TASK BRIEF:
Each entry needs to be given again, character for character.

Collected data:
>>

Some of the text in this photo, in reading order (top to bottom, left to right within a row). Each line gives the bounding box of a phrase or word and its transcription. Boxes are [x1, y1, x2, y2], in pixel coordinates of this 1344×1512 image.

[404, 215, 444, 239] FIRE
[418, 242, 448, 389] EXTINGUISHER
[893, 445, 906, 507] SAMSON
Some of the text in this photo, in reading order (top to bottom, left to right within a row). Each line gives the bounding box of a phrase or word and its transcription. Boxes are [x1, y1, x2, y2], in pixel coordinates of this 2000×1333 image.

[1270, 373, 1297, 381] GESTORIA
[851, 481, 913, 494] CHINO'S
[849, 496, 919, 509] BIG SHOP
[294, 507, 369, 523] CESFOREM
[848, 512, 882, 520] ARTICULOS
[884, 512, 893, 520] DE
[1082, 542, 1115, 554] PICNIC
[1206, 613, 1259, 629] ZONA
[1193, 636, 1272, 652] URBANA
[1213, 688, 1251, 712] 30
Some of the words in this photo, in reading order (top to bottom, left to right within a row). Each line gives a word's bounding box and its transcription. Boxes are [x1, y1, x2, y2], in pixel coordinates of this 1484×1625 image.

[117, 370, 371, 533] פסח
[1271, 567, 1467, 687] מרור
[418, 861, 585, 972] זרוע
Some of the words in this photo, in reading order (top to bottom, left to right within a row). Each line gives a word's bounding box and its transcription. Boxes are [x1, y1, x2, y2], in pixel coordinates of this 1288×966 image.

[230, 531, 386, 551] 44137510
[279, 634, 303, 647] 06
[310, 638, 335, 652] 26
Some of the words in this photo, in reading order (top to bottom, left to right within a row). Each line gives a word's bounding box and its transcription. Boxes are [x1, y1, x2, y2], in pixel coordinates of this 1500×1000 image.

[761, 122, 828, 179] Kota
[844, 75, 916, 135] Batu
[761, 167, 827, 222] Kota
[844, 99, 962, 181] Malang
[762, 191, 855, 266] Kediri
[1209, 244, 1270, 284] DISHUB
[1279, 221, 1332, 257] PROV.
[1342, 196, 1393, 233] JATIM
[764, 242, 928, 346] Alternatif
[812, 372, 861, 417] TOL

<<

RESULT FOR THIS TASK:
Some of the text in this photo, in reading order (top to bottom, left to right within a row). Each line gives the bounding box of a phrase or word and its transcription. Boxes are [x1, y1, x2, y2], in pixel coordinates of this 1344×1512 image.

[404, 215, 444, 239] FIRE
[418, 242, 448, 389] EXTINGUISHER
[893, 445, 906, 507] SAMSON
Some of the text in this photo, in reading order (top to bottom, left to right within a row). Each line gives the bounding box of a phrase or word and its transcription. Boxes are [x1, y1, x2, y2], in pixel coordinates of this 2000×1333 image.

[1270, 373, 1297, 381] GESTORIA
[851, 481, 913, 494] CHINO'S
[849, 496, 919, 509] BIG SHOP
[294, 507, 369, 523] CESFOREM
[848, 512, 882, 520] ARTICULOS
[884, 512, 893, 520] DE
[1082, 542, 1115, 554] PICNIC
[1206, 613, 1259, 629] ZONA
[1193, 636, 1272, 652] URBANA
[1213, 688, 1251, 712] 30
Some of the words in this photo, in reading order (top to bottom, left to right within a row). Each line gives a word's bounding box and its transcription. Boxes are [x1, y1, x2, y2], in pixel coordinates of this 1484×1625 image.

[117, 370, 371, 533] פסח
[1271, 567, 1467, 687] מרור
[418, 861, 585, 972] זרוע
Some of the words in this photo, in reading order (top to bottom, left to right within a row). Each line gives a word's bounding box and its transcription. Boxes are [x1, y1, x2, y2], in pixel coordinates of this 1288×966 image.

[230, 531, 386, 551] 44137510
[279, 634, 303, 647] 06
[310, 638, 335, 652] 26
Some of the words in this photo, in reading order (top to bottom, left to right within a row). Each line gives a word's bounding box and its transcription. Boxes are [x1, y1, x2, y2], in pixel coordinates of this 1500×1000 image.

[761, 122, 828, 179] Kota
[844, 75, 916, 135] Batu
[761, 167, 827, 222] Kota
[844, 99, 962, 181] Malang
[762, 191, 855, 266] Kediri
[1209, 244, 1270, 284] DISHUB
[1279, 221, 1332, 257] PROV.
[1342, 196, 1393, 233] JATIM
[764, 242, 928, 346] Alternatif
[812, 372, 861, 417] TOL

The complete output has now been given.